**Excerpted records**
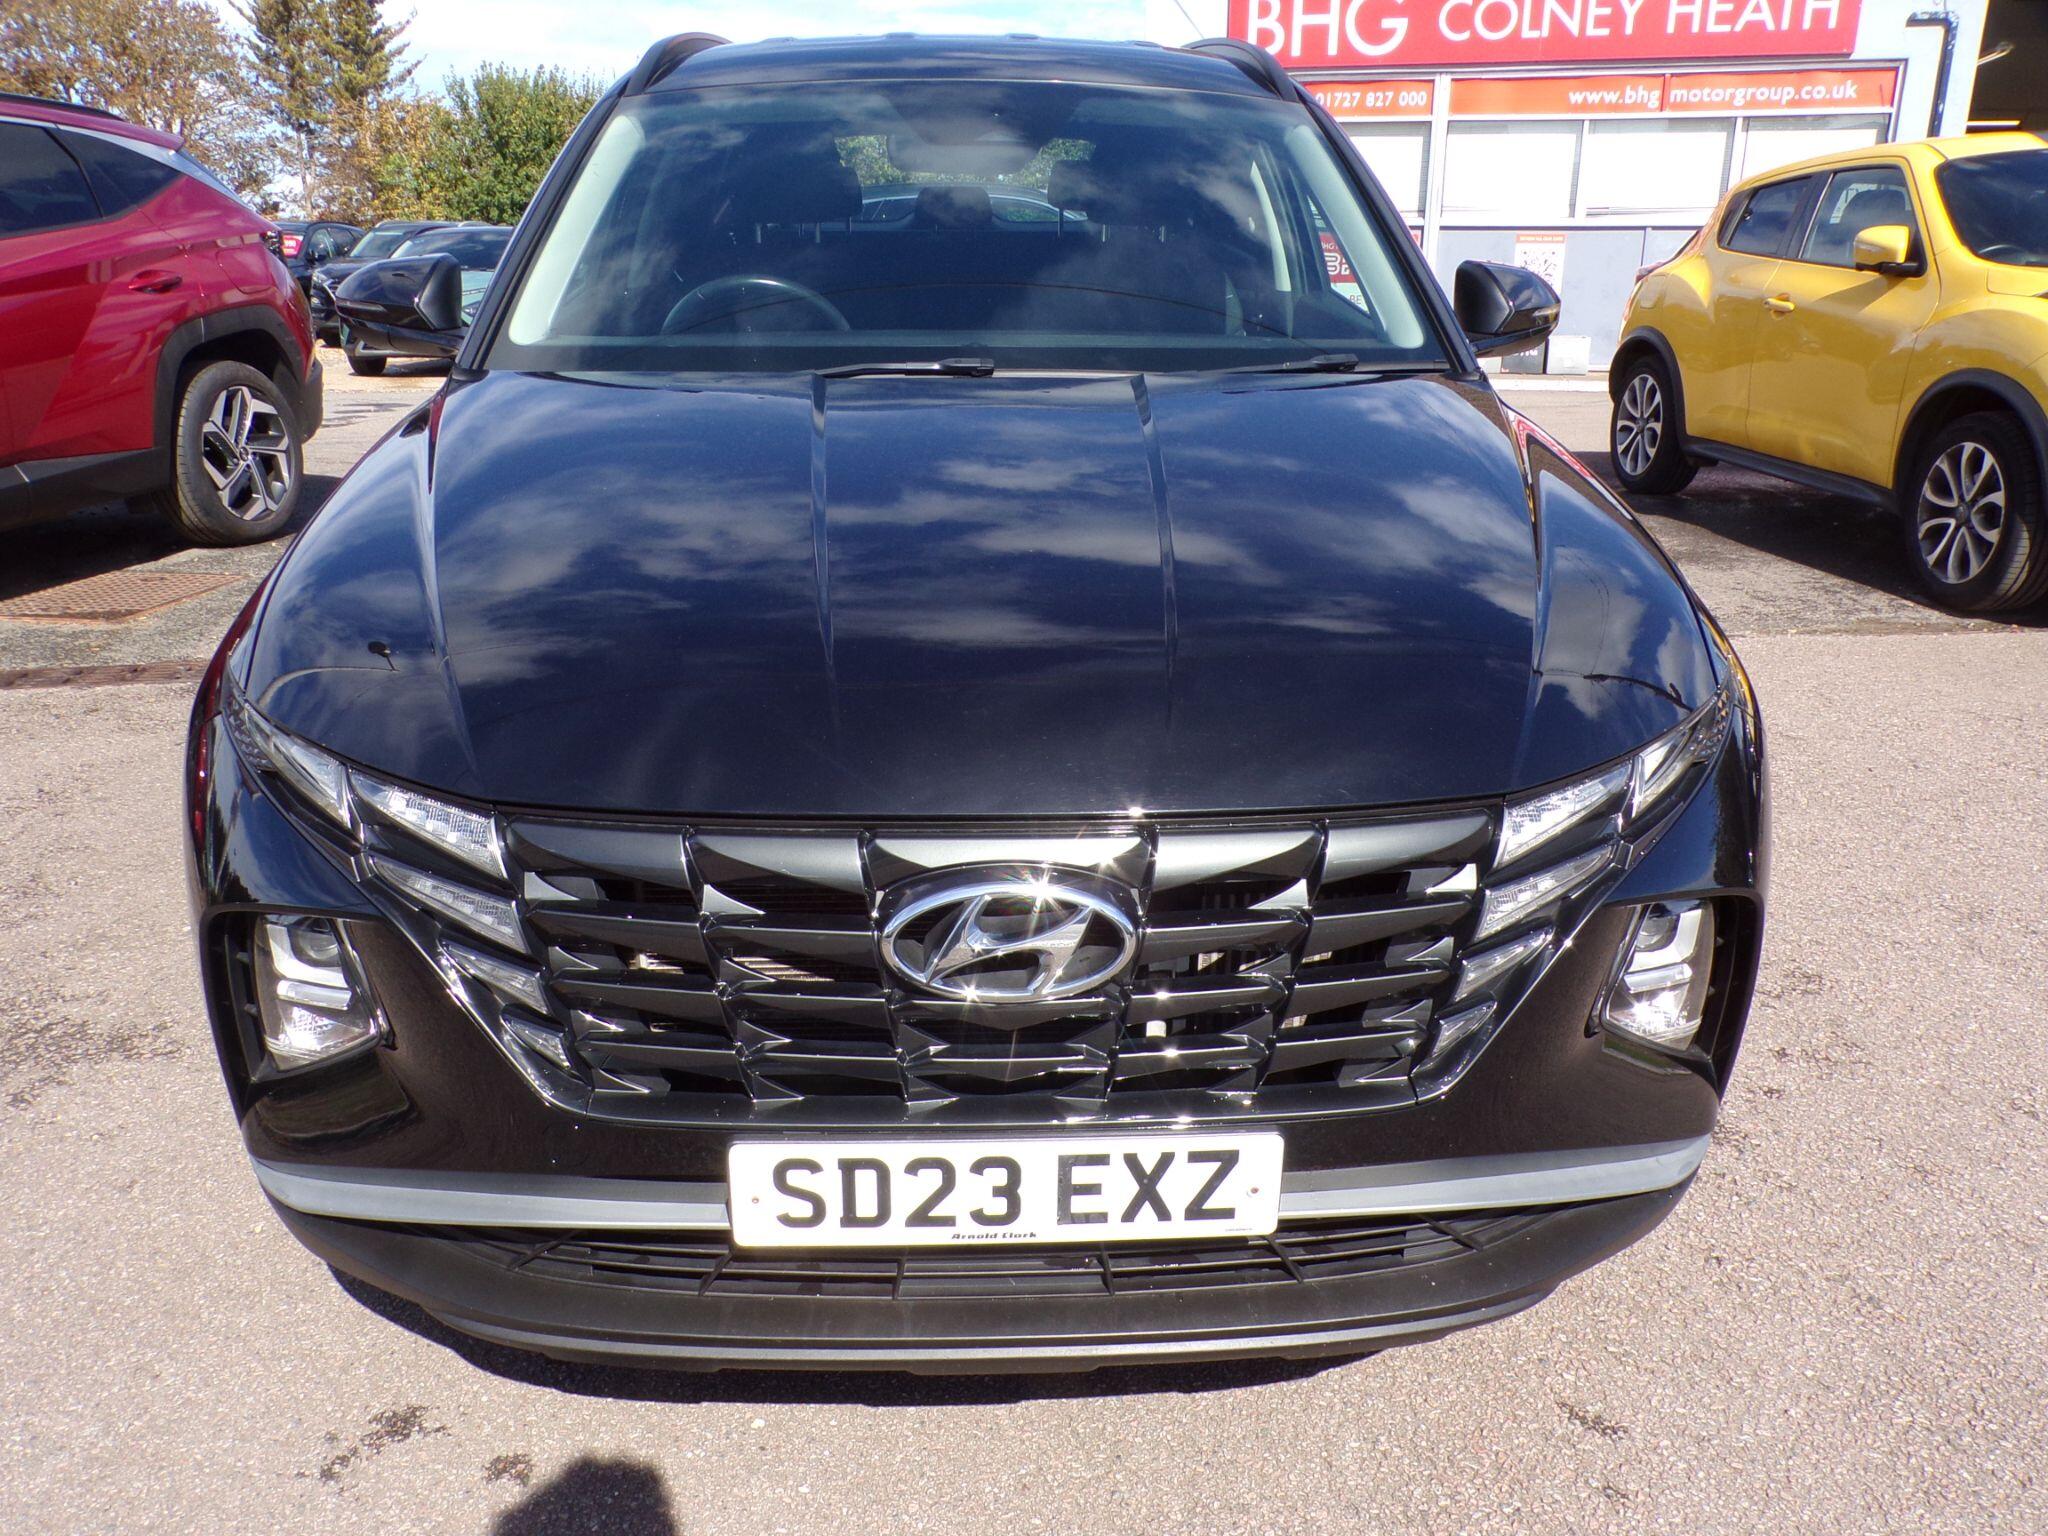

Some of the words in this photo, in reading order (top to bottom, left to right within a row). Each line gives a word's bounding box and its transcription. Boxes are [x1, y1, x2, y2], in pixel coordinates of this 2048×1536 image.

[1247, 0, 1409, 57] BHG
[1438, 0, 1642, 41] COLNEY
[1665, 0, 1841, 34] HEATH
[1315, 91, 1361, 108] 01727
[1365, 91, 1394, 108] 827
[1398, 90, 1427, 106] 000
[773, 1156, 1021, 1228] SD23
[1057, 1149, 1240, 1225] EXZ
[951, 1232, 998, 1240] Arnold
[1001, 1231, 1037, 1239] Clark
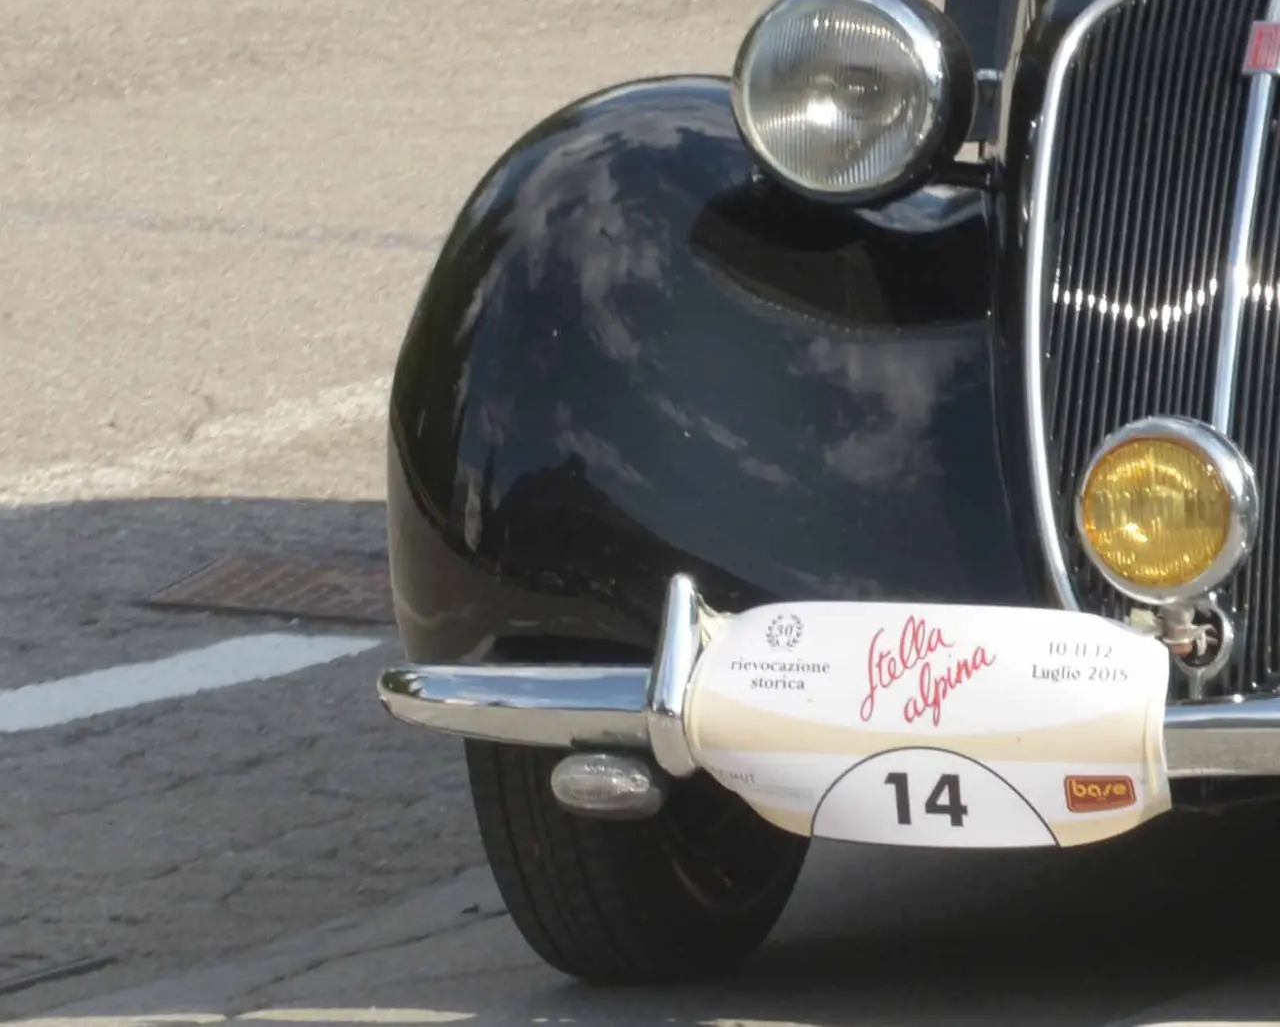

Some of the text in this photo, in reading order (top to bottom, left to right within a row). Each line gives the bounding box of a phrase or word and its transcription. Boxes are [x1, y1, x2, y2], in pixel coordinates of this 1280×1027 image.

[1048, 641, 1068, 657] 10
[728, 656, 832, 674] rievocazione
[859, 614, 956, 723] Stella
[1031, 663, 1129, 683] Luglio 2015
[750, 674, 805, 691] storica
[903, 645, 997, 728] alpina
[883, 771, 969, 828] 14

**Instructions to follow**
All lines from the one that contains "Some of the text" through the end of the material are to be quoted exactly, with both ends included.

**Task response**
Some of the text in this photo, in reading order (top to bottom, left to right within a row). Each line gives the bounding box of a phrase or word and its transcription. Boxes are [x1, y1, x2, y2], in pixel coordinates of this 1280×1027 image.

[1048, 641, 1068, 657] 10
[728, 656, 832, 674] rievocazione
[859, 614, 956, 723] Stella
[1031, 663, 1129, 683] Luglio 2015
[750, 674, 805, 691] storica
[903, 645, 997, 728] alpina
[883, 771, 969, 828] 14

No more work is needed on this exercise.